Adozinda Pereira: “A minha vida é uma luta”

Adozinda Henriqueta Borrego Pereira, residente em Carnaxide (Oeiras), é uma mulher de coragem. Aos 73 anos, já reformada e com uma saúde precária, continua a ser o pilar principal que sustenta a sua família, atingida ferozmente pelo infortúnio. A falta de saúde e as circunstâncias da vida, por vezes madrasta, implacável, vieram colocar em causa a estabilidade que sempre procurou alcançar para enfrentar com tranquilidade o Outono da sua idade. O marido, Augusto Ferreira Pereira, de 75 anos, ex-bombeiro na corporação de Voluntários do Dafundo, foi diagnosticado como doente oncológico e renal há cerca de 10 anos e ostenta uma incapacidade de 98 por cento, enquanto o filho, Luís Miguel, actualmente com 46 anos, também ele ex-bombeiro, sofreu um acidente de moto há 23 anos que o deixou com uma incapacidade de 92 por cento e totalmente dependente dos pais.  

Estes infortúnios da vida dominada por tamanhas dificuldades já seriam suficientes para complicar bastante a existência de Adozinda Pereira, uma mulher de garra natural de Castelo Branco que não volta a cara à luta diária para assegurar o bem-estar e a estabilidade possíveis que garantam a subsistência da sua família.
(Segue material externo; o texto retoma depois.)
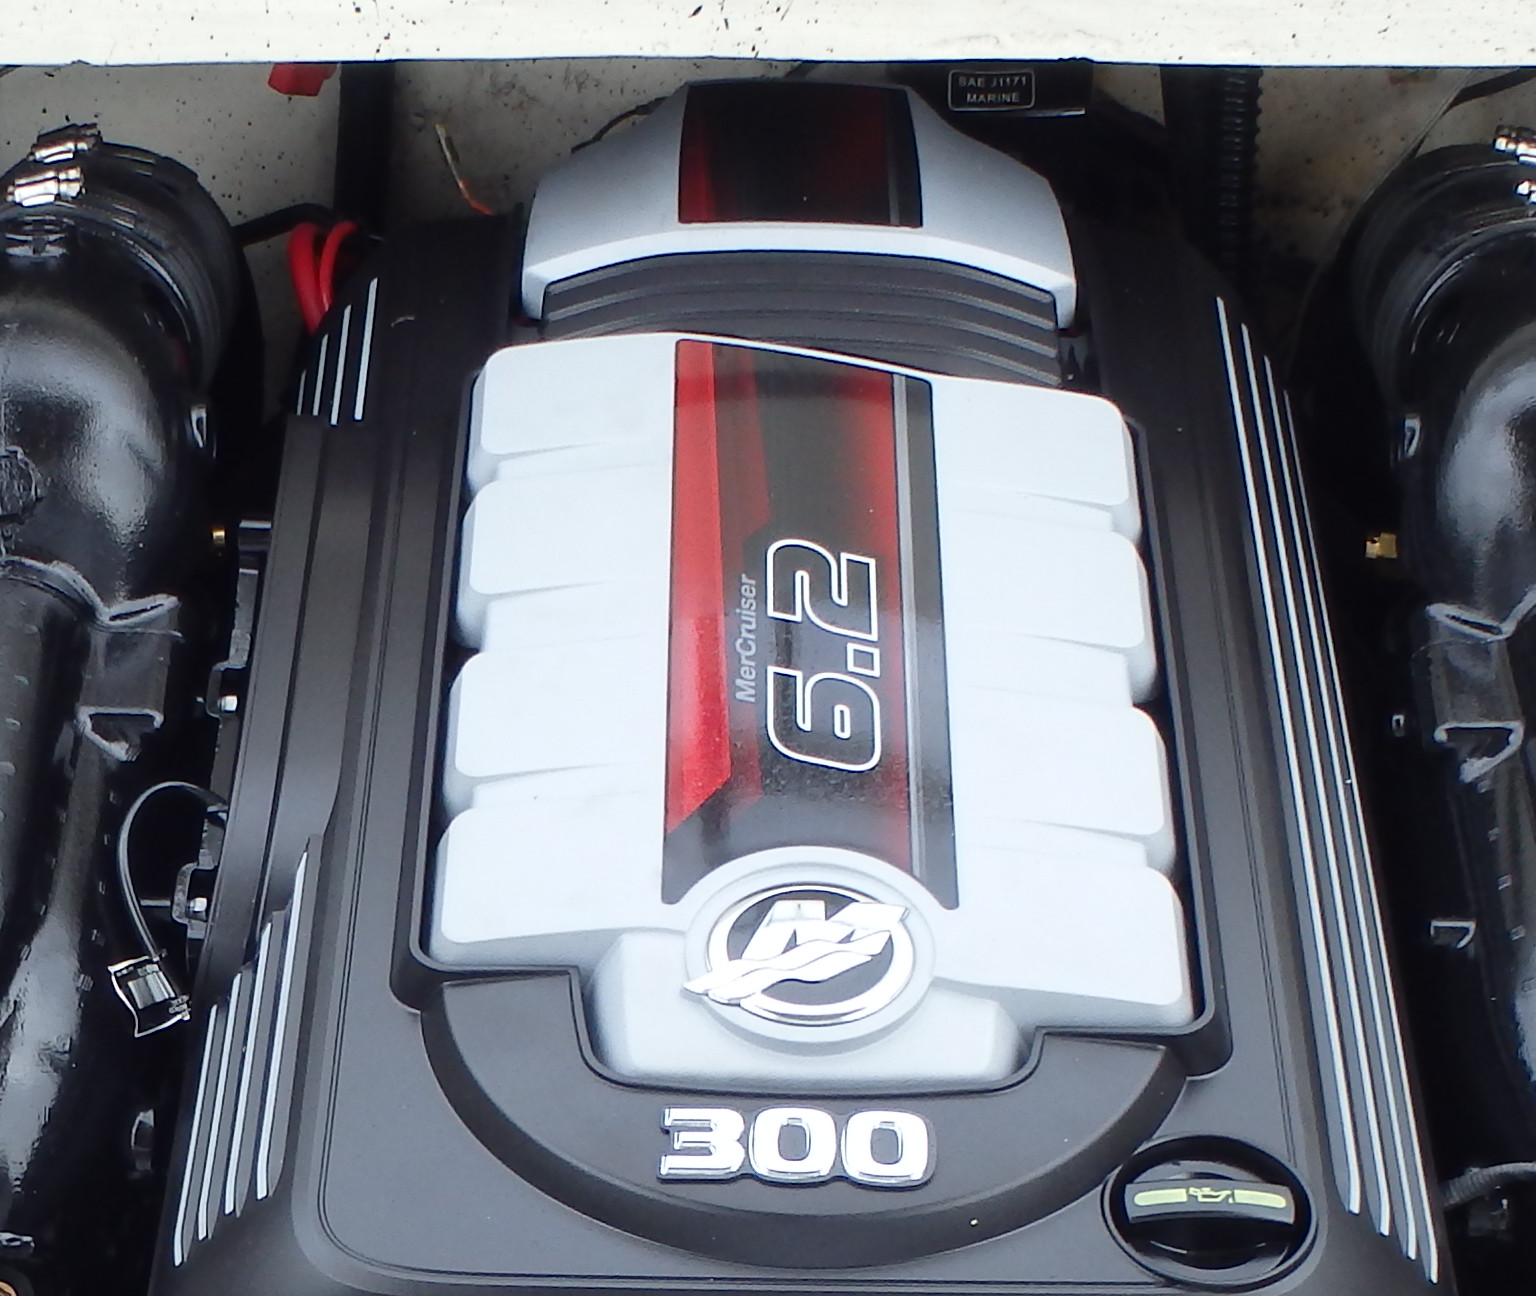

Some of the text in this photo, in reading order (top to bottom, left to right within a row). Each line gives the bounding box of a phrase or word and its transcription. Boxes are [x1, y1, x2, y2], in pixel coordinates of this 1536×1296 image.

Contudo, a complicar ainda mais a situação, a crise pandémica que atravessamos veio ensombrar ainda mais o dia-a-dia desta mulher que luta por manter a família à tona de água. Uma resistência própria de quem não desiste do que lhe é mais querido: o filho e o marido, ambos com uma elevada taxa de incapacidade que prejudica significativamente os seus quotidianos, transformados numa batalha diária pela sobrevivência. “Com o confinamento, eu e o meu marido temos dado em doidos, porque o Luís quer ir ali, quer ir aqui, quer sair de casa para espairecer. É muito cansativo”.

Muitas vezes, a luta constante travada contra as adversidades empurra esta mãe coragem para um desespero difícil de enfrentar, suga-lhe as forças. “Por vezes, tenho momentos muito maus. Fecho os olhos e penso em desistir. Quantas vezes eu tenho esses momentos… Mas depois digo para mim mesma: ‘Oh meu Deus, mas eu faço tanta falta a estes dois’. Eu sei que eles precisam muito de mim para seguirem em frente. Só desejo que Deus me vá dando forças, que às vezes já não tenho, pois sei que sou o pilar desta casa”. Adozinda Pereira explica assim a razão da sua resiliência, acompanhando as palavras com um sorriso triste. Ela própria procura controlar no corpo e na mente as dores que a doença lhe tem trazido. Ela própria está limitada por uma incapacidade de 60 por cento. “Eu também sou uma pessoa extremamente doente”, assinala. 

Foto: Paulo Rodrigues

“TEMOS QUE LUTAR PELA VIDA ENQUANTO PODEMOS”

Adozinda Pereira enfrenta várias situações complicadas de saúde que lhe diminuem a capacidade física. “Tenho a Talassemia no sangue. Sou alérgica aos medicamentos todos. Tenho também uma bactéria no estômago (Helicobacter pylori, que é um factor de risco para o desenvolvimento do cancro gástrico), uma gastrite e uma úlcera. O meu organismo está a rejeitar tudo, sou alérgica a muitos medicamentos e nem sempre consigo fazer a medicação convenientemente”, refere, para acrescentar logo de seguida: “Nós temos que lutar pela vida enquanto a gente pode e eu tenho sido uma lutadora ao longo deste tempo todo. Vou fazer 74 anos e ando nesta tristeza desta vida por causa de tanta coisa em cima das minhas costas. O meu médico costuma dizer: ‘Adozinda, você é o pilar da casa, não se pode deixar ir abaixo’ e é verdade, é isso que não me deixa desistir”.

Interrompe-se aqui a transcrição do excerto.